Siempre pensó que a aquél animal solo le faltaba la cualidad
del lenguaje, el humano por supuesto, para ser perfecto y, sobre todo, para
poder entender qué demonios quería. Su mirada, sus gestos, sus movimientos de
cola, sus ladridos, todo el compendio de medios que utilizaba su perro para
intentar comunicarse le maravillaba aunque nunca llegara a
comprenderlo.
El perro, como en otras ocasiones, parecía querer decir
algo, pero como siempre ni con miradas de profundidad inigualable, ni con
movimientos de cola y ladridos de lo más elocuentes, parecía encontrar la
manera de ser entendido. A pesar de todo el esfuerzo su dueño seguía con
la perplejidad acostumbrada.
Así pues, como de costumbre, se dio media vuelta y
optó por tumbarse, enroscado sobre sí y resignado como siempre y en el lugar de
siempre, comprobando por enésima vez cómo su dueño seguía siendo tan humano, también, como siempre.
II.
Noto que ya nada es como antes. Me sirve igual que siempre
mi plato de comida, pero desde hace unos días algo ha cambiado. Ahora va siempre
acompañada de un ingrato e incómodo silencio. Yo devoro cada bolita de carne
con la misma ansiada impaciencia de siempre pero cuando termino ya no acaricia
mi lomo, ya no se dirige hacia mí con la dulce entonación que acostumbraba.

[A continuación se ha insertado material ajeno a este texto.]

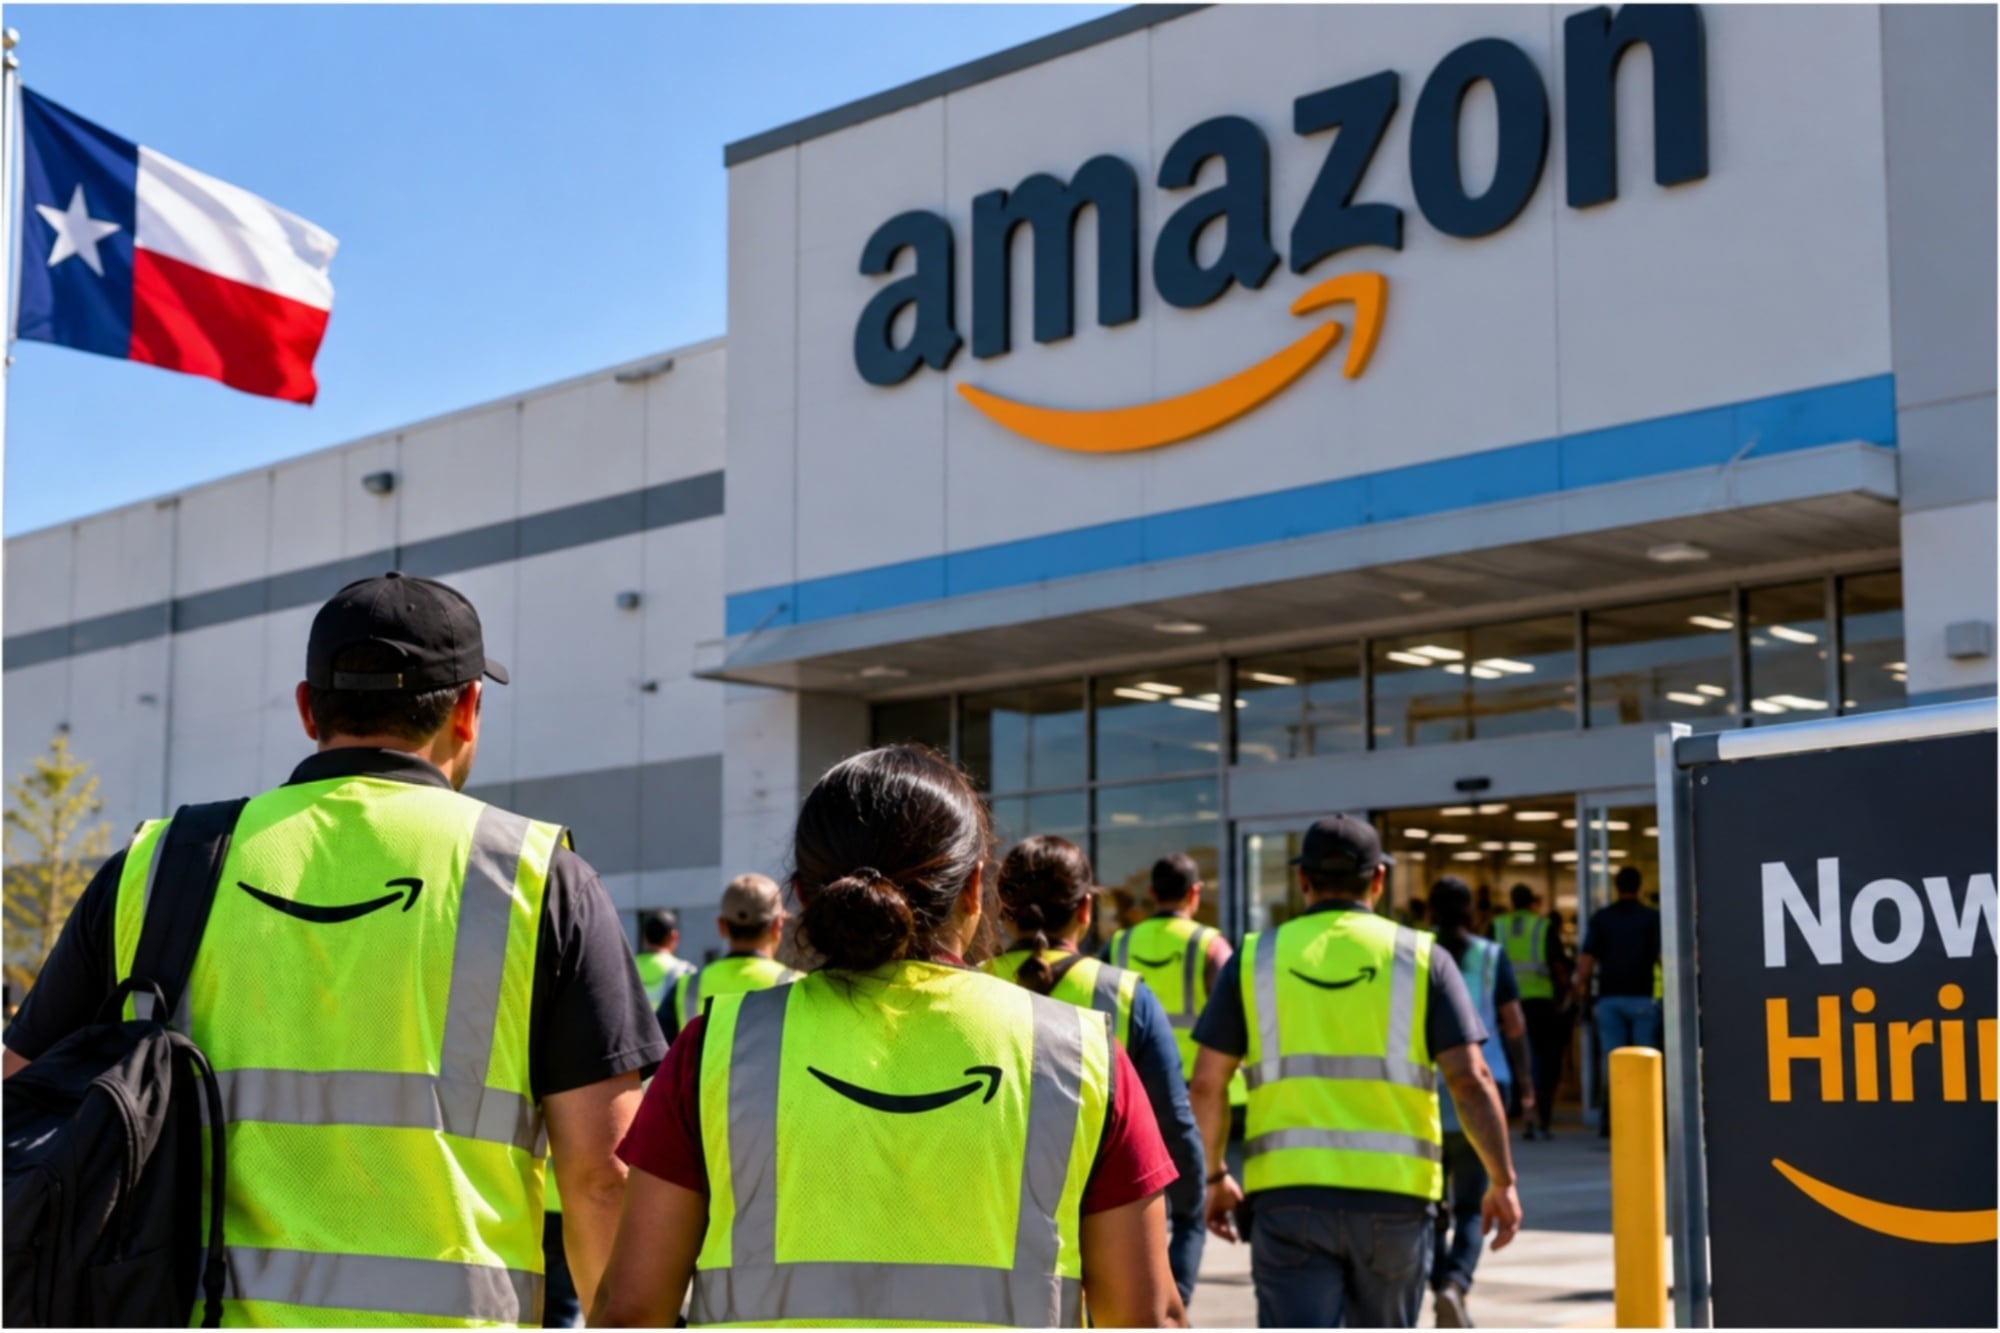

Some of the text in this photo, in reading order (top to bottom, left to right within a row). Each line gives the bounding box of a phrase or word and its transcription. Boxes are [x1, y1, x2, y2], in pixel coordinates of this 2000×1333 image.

Mi instinto me dice que algo no va bien. Puedo oler la
amargura que brota de sus ojos en forma de lágrimas y saborear su derrota
cuando deja caer la mano que antes los restregó y ahora lamo en el intento de
succionar hasta la última pena. Pero todo es inútil. Algo me insiste por dentro
que se acerca la tragedia y por más que me vacío en mis ladridos no consigo que
nadie acuda en mi ayuda, en la suya, la de mi compañera de juegos, de
complicidades, de ternuras infinitas al calor de una chimenea, nadie acude y yo
quedo solo contemplando como se balancea el cuerpo de mi dueña colgado del
techo de la cocina.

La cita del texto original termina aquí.